We drove to the Catacombs. Here, the legend says, St. Sebastian was martyred; and the modern church of San Sebastiano stands over the spot. We entered the church, where we found a very handsome young Capuchin friar, with his brown cowl and the white cord about his waist, who offered to conduct us to the catacombs. He took three wax-lights from the sacristy, and we entered a side-door, behind the tomb of the saint, and commenced a descent of a long flight of stone steps. We reached the bottom, and found ourselves upon damp ground, following a narrow passage, so low, that I was constantly compelled to stoop, in the sides of which were numerous small niches of the size of a human body.
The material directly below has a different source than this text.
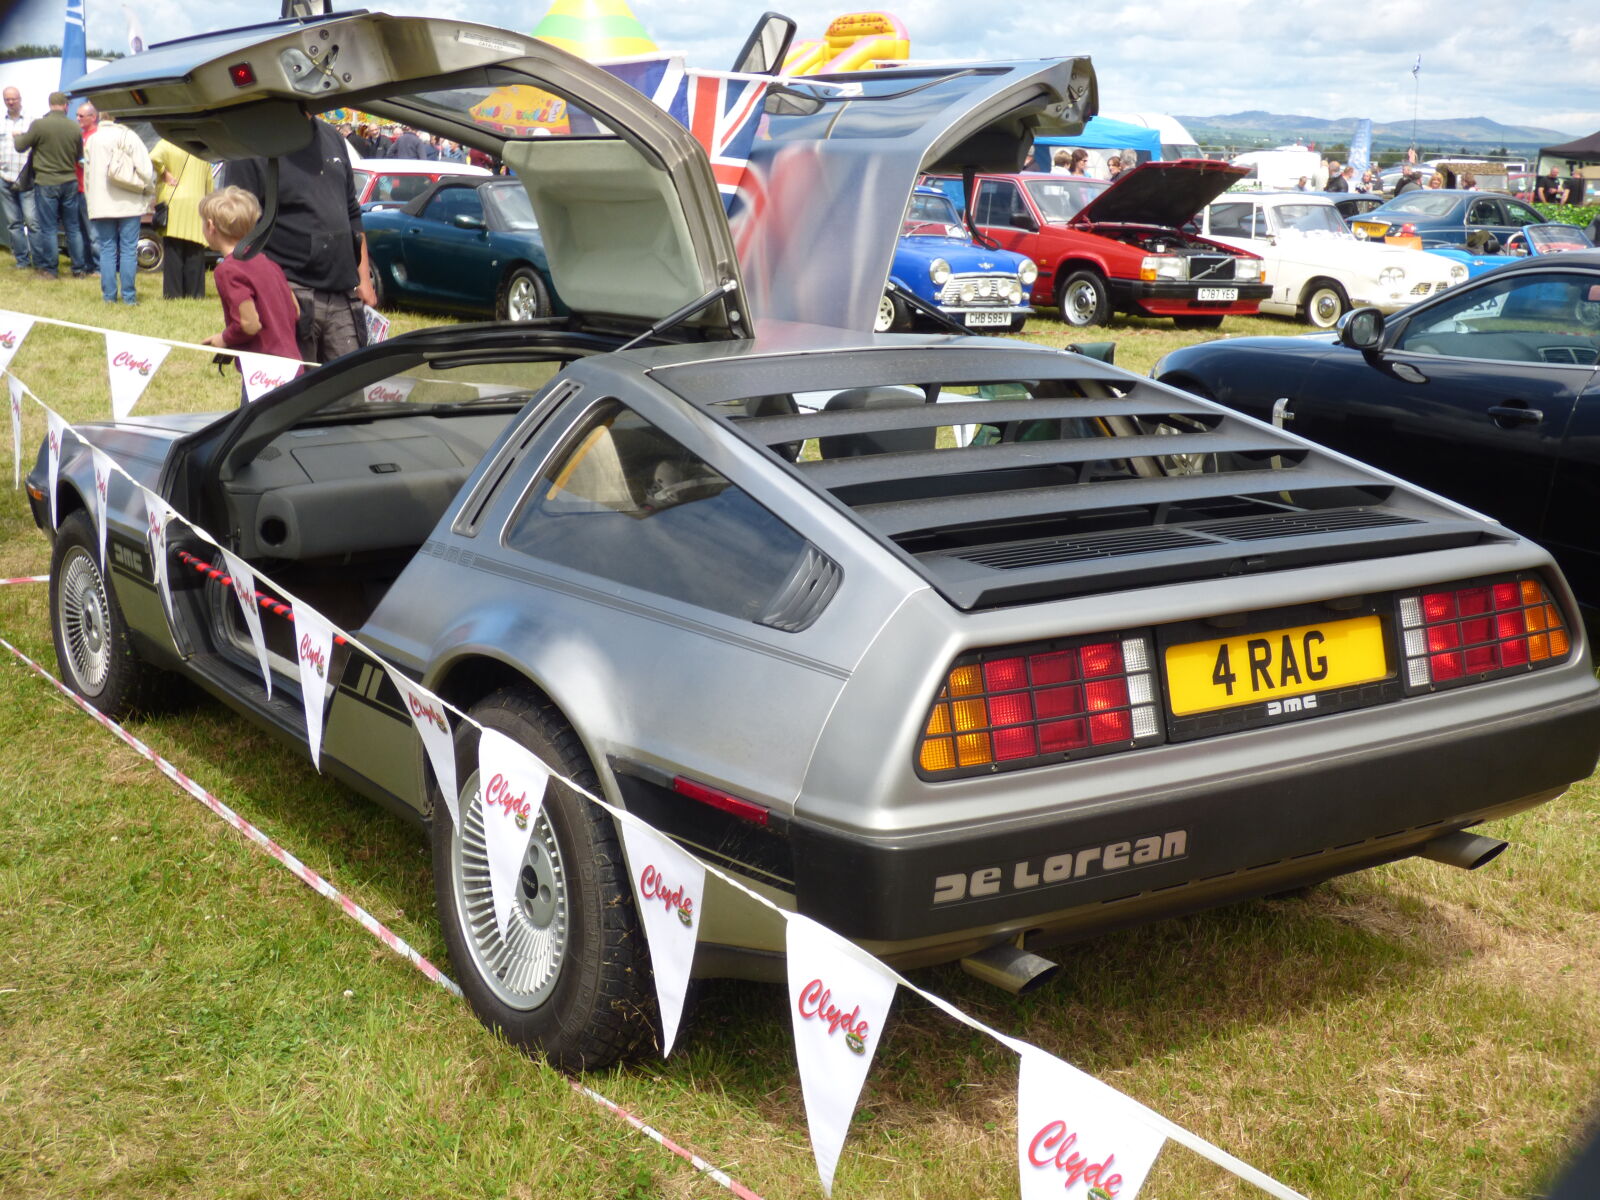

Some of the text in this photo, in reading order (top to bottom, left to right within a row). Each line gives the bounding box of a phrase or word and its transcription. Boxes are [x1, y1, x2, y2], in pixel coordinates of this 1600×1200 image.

These were the tombs of the early Christian martyrs. We saw near a hundred of them. They were brought from Rome, the scene of their sufferings, and buried in these secret catacombs by the small church of, perhaps, the immediate converts of St. Paul and the apostles. What food for thought is here, for one who finds more interest in the humble traces of the personal followers of Christ, who knew his face and had heard his voice, than in all the splendid ruins of the works of the persecuting emperors of his time! Most of the bones have been taken from their places, and are preserved at the Museum, or enclosed in the rich sarcophagi raised to the memory of the martyrs in the Catholic churches. Of those that are left we saw one. The niche was closed by a thin slab of marble, through a crack of which the monk put his slender candle. We saw the skeleton as it had fallen from the flesh in decay, untouched, perhaps, since the time of our Saviour.

We passed through several cross-passages, and came to a small chamber, excavated simply in the earth, with an earthern altar, and antique marble cross above. This was the scene of the forbidden worship of the early Christians; and before this very cross, which was, perhaps, then newly

TOMB OF CECILIA METELLA.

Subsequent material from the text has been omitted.